I run in the same issue and for me, it was the image id

jplorier avatar May 04 '23 02:05 jplorier

Same and the list of the images ocid by region is available here: https://docs.oracle.com/en-us/iaas/images/

jfx avatar May 30 '23 18:05 jfx

Morning Guys!

I am facing the same issue when I try to create a VCN

│ Error: 404-NotAuthorizedOrNotFound, Authorization failed or requested resource not found.

And, until now, I havent found a way to fix

mancier avatar Jul 20 '23 14:07 mancier

Hi Guys!,

Same issue, in my case, this is presented when Packer is creating the Custom Image on Oracle OCI. The step oracle-oci: Updating image schema... presents following message.

oracle-oci: Error updating image schema: Error returned by Compute Service.
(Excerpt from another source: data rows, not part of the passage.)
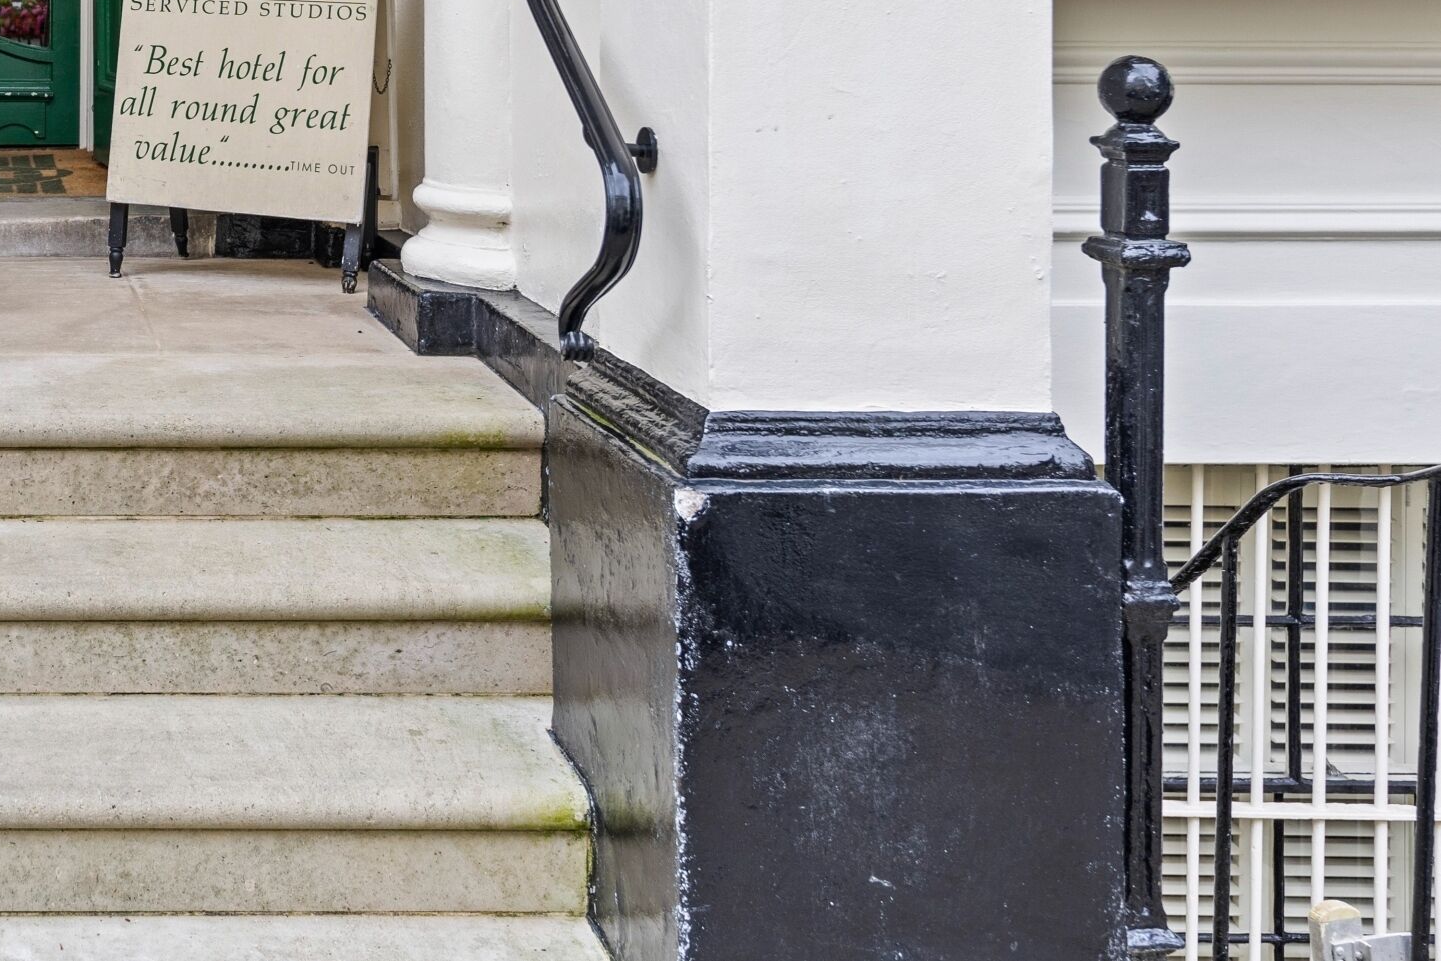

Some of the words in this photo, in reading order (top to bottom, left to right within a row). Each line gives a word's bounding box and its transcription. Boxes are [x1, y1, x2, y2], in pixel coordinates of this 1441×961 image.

[259, 2, 367, 21] STUDIOS
[217, 48, 286, 82] hotel
[296, 53, 345, 91] for
[120, 86, 157, 117] all
[170, 93, 260, 124] round
[269, 103, 351, 135] great
[290, 161, 321, 174] TIME
[328, 164, 356, 176] OUT
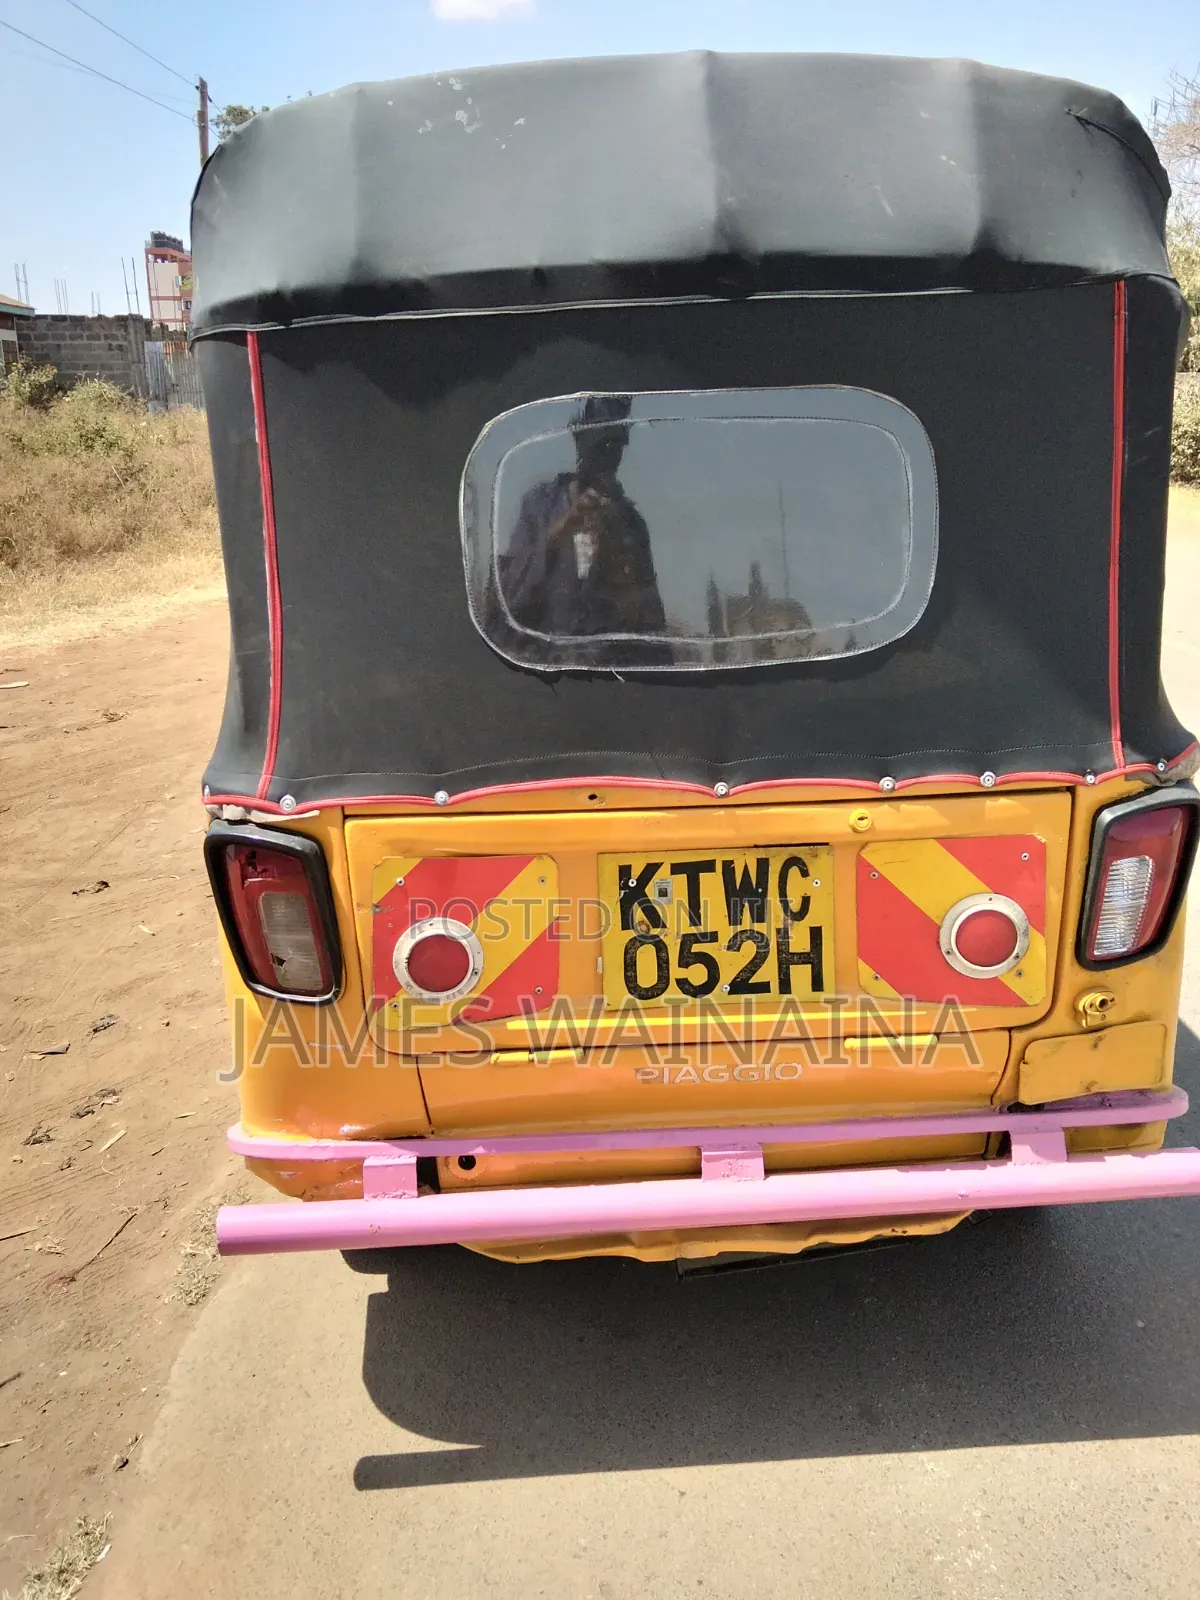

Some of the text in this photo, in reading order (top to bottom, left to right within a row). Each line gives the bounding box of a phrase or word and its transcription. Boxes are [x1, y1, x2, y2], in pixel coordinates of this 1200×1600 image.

[619, 856, 811, 930] KTWC
[623, 926, 824, 1000] 052H
[637, 1062, 804, 1085] PIAGGIO
Http Status Code: 404. Error Code: NotAuthorizedOrNotFound. Opc request id:

Btw, the same pipeline (same tenant, user and others ) was working a couple of months ago.

Blake-hub-cloud avatar Jul 24 '23 21:07 Blake-hub-cloud

Same and the list of the images ocid by region is available here: https://docs.oracle.com/en-us/iaas/images/

I cannot believe how stupid this approach is. So for all others: Please double-check the image id…. it's an own ID for all locations.

janis-ax avatar Sep 26 '23 13:09 janis-ax